WORK TO BE COMPLETED: All of the listing should be output exactly, apart from the pictures.

DATASET EXCERPTS:

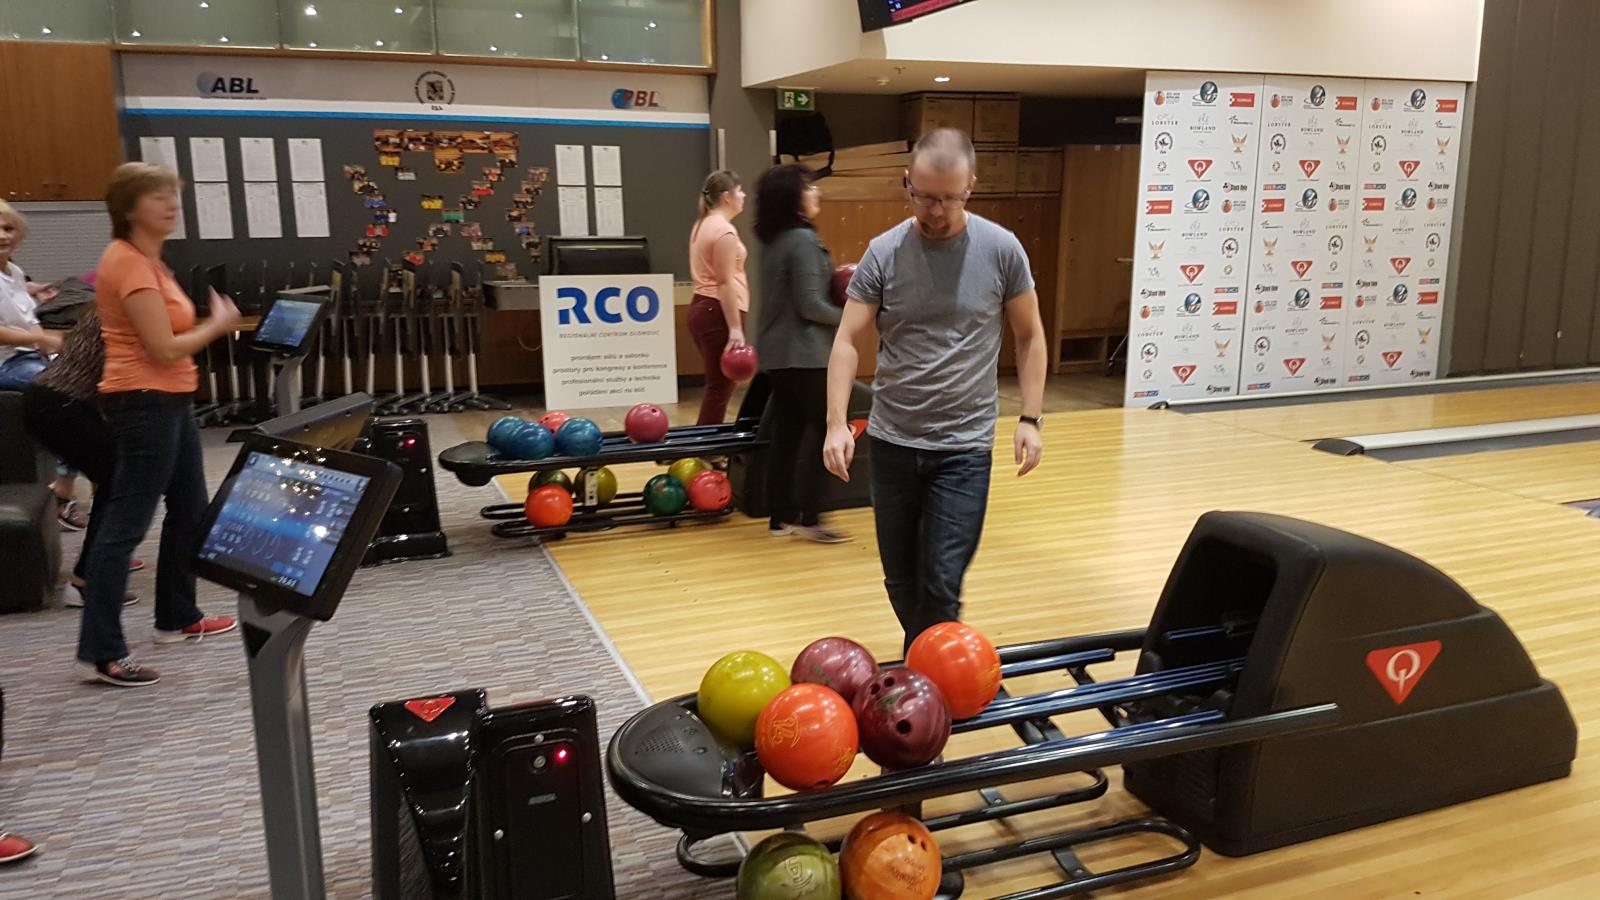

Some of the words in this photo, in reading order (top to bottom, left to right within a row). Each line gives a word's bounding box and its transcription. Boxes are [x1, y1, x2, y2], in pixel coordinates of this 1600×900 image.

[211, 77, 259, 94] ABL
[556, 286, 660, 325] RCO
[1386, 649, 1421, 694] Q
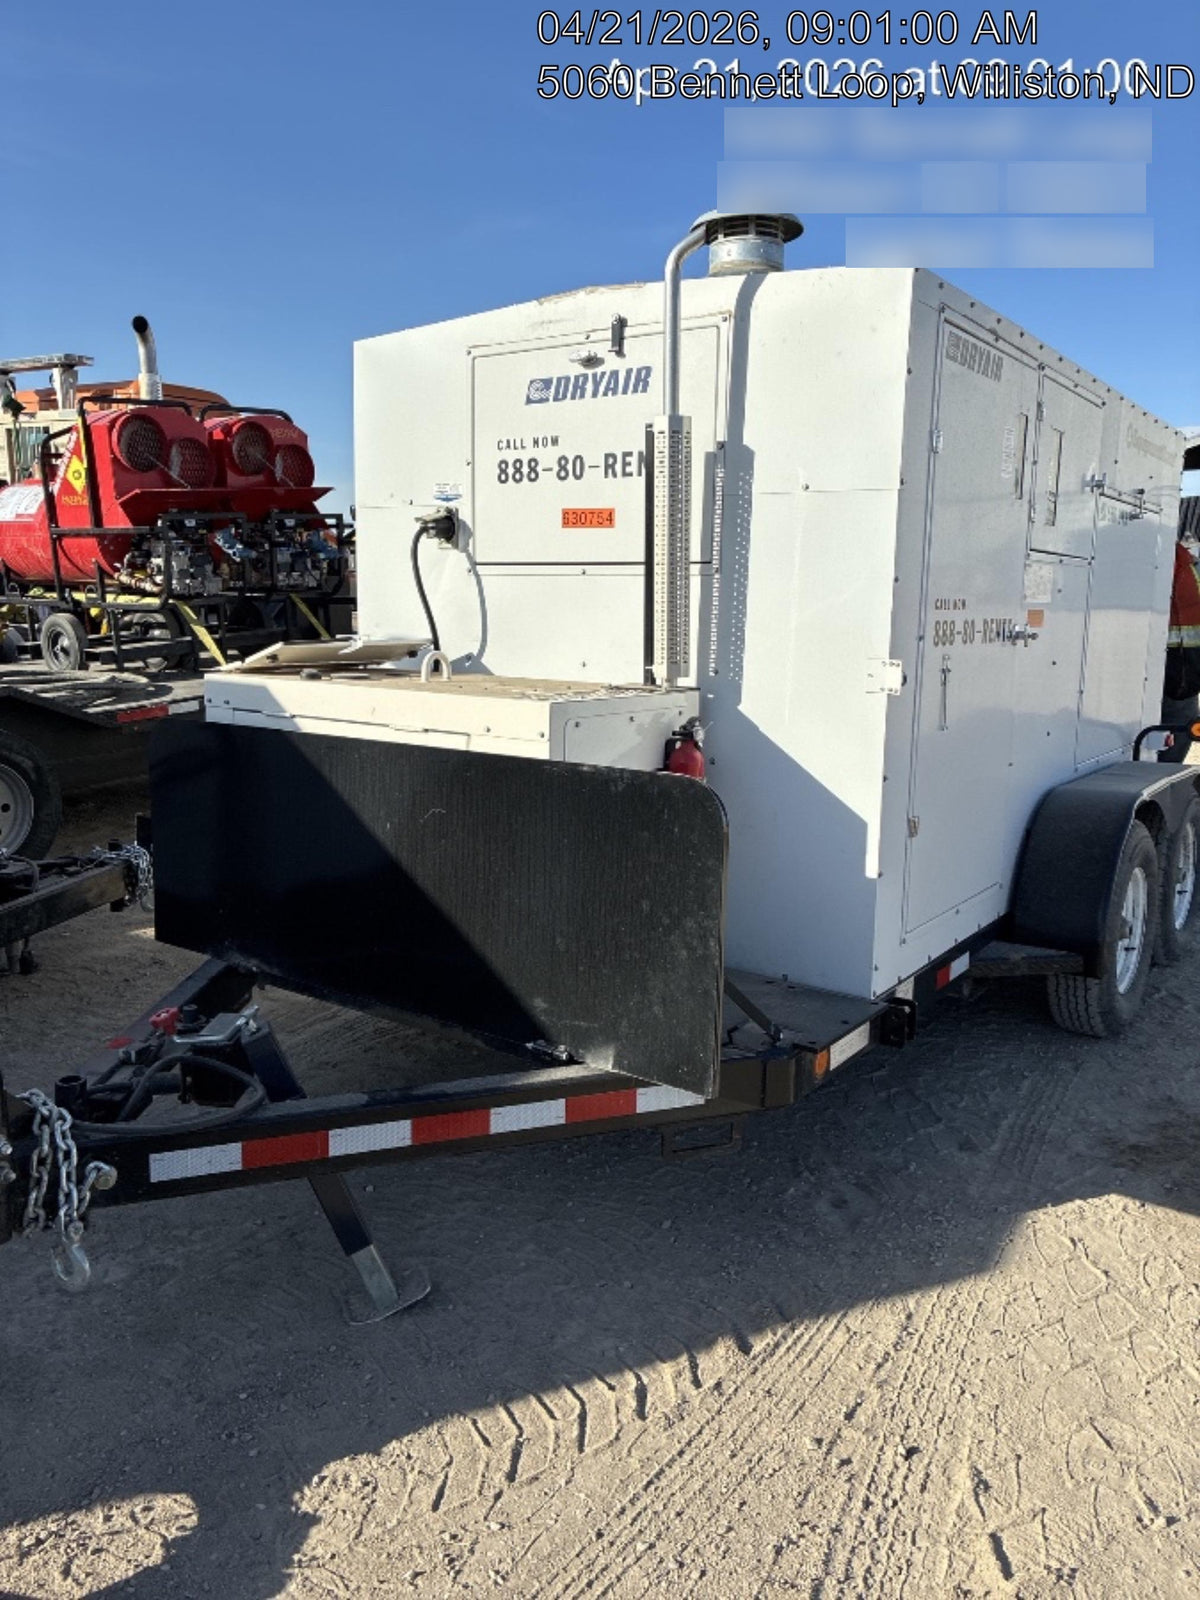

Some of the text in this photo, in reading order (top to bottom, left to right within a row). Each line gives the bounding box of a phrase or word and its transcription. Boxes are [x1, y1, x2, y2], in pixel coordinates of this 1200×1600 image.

RESULT FOR THIS TASK:
Some of the words in this photo, in reading order (top to bottom, left to right within a row). Each line gives a word's bounding box and its transcription. Boxes are [x1, y1, x2, y2], in pixel coordinates of this 1600×900 image.

[211, 77, 259, 94] ABL
[556, 286, 660, 325] RCO
[1386, 649, 1421, 694] Q

Some of the text in this photo, in reading order (top to bottom, left to right within a row). Each line gives the bounding box of a phrase or word and its transcription. Boxes are [x1, y1, x2, y2], in pixel coordinates of this 1200×1600 image.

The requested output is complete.